## Data records
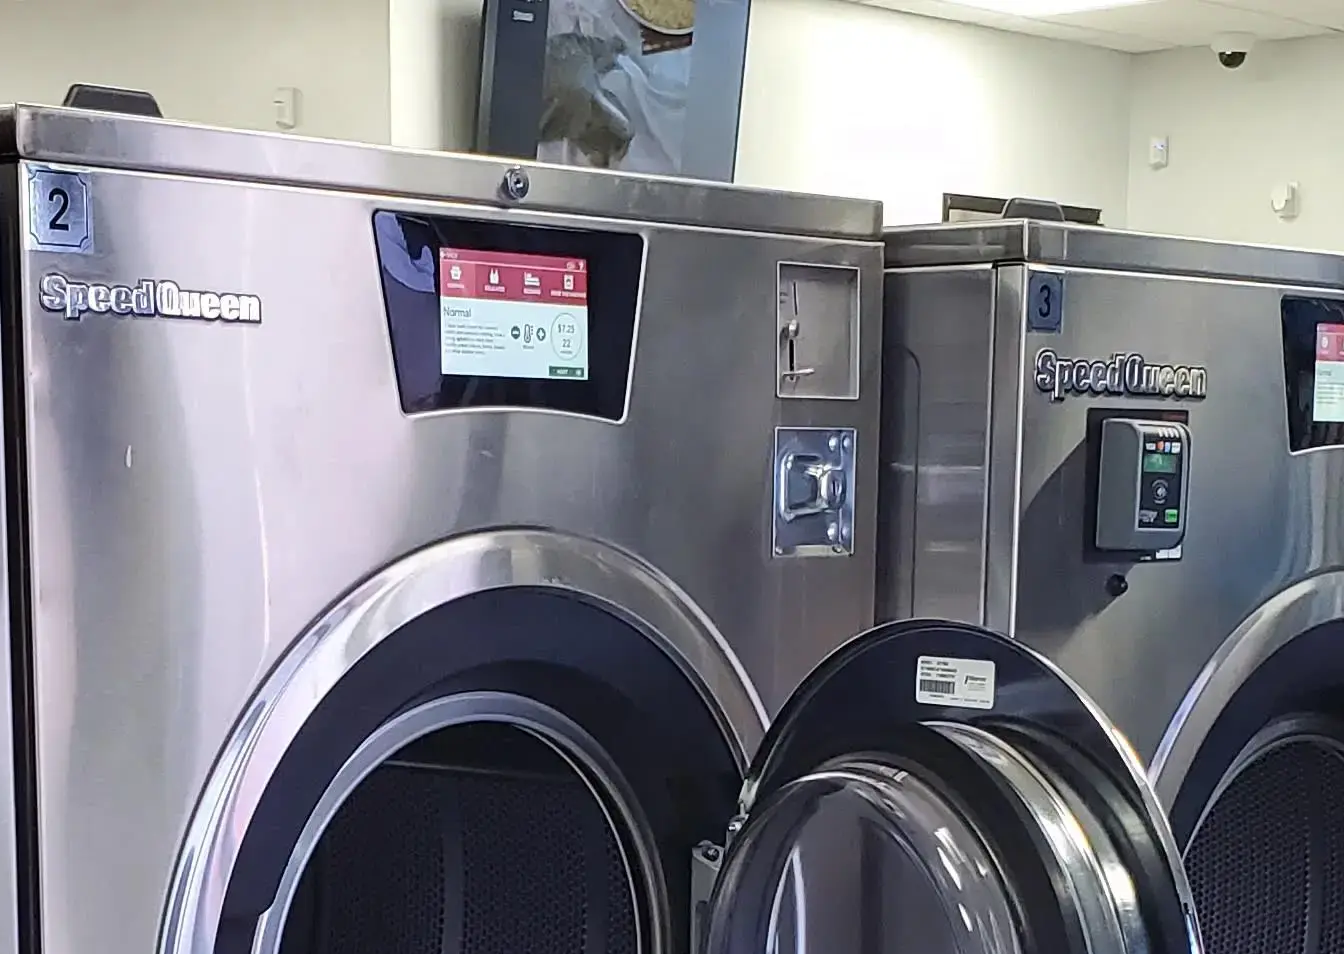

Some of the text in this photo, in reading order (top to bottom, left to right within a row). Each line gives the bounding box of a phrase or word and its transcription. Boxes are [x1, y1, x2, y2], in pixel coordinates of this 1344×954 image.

[48, 187, 70, 232] 2
[40, 271, 262, 324] Speed Queen
[443, 306, 472, 318] Normal
[1038, 284, 1051, 318] 3
[562, 338, 571, 348] 22
[1035, 348, 1207, 400] Speed Queen

## What is being asked
Please, without any pictures, retype the records exactly as they appear.

## Answer for this exercise
Some of the text in this photo, in reading order (top to bottom, left to right within a row). Each line gives the bounding box of a phrase or word and its transcription. Boxes are [x1, y1, x2, y2], in pixel coordinates of this 1344×954 image.

[48, 187, 70, 232] 2
[40, 271, 262, 324] Speed Queen
[443, 306, 472, 318] Normal
[1038, 284, 1051, 318] 3
[562, 338, 571, 348] 22
[1035, 348, 1207, 400] Speed Queen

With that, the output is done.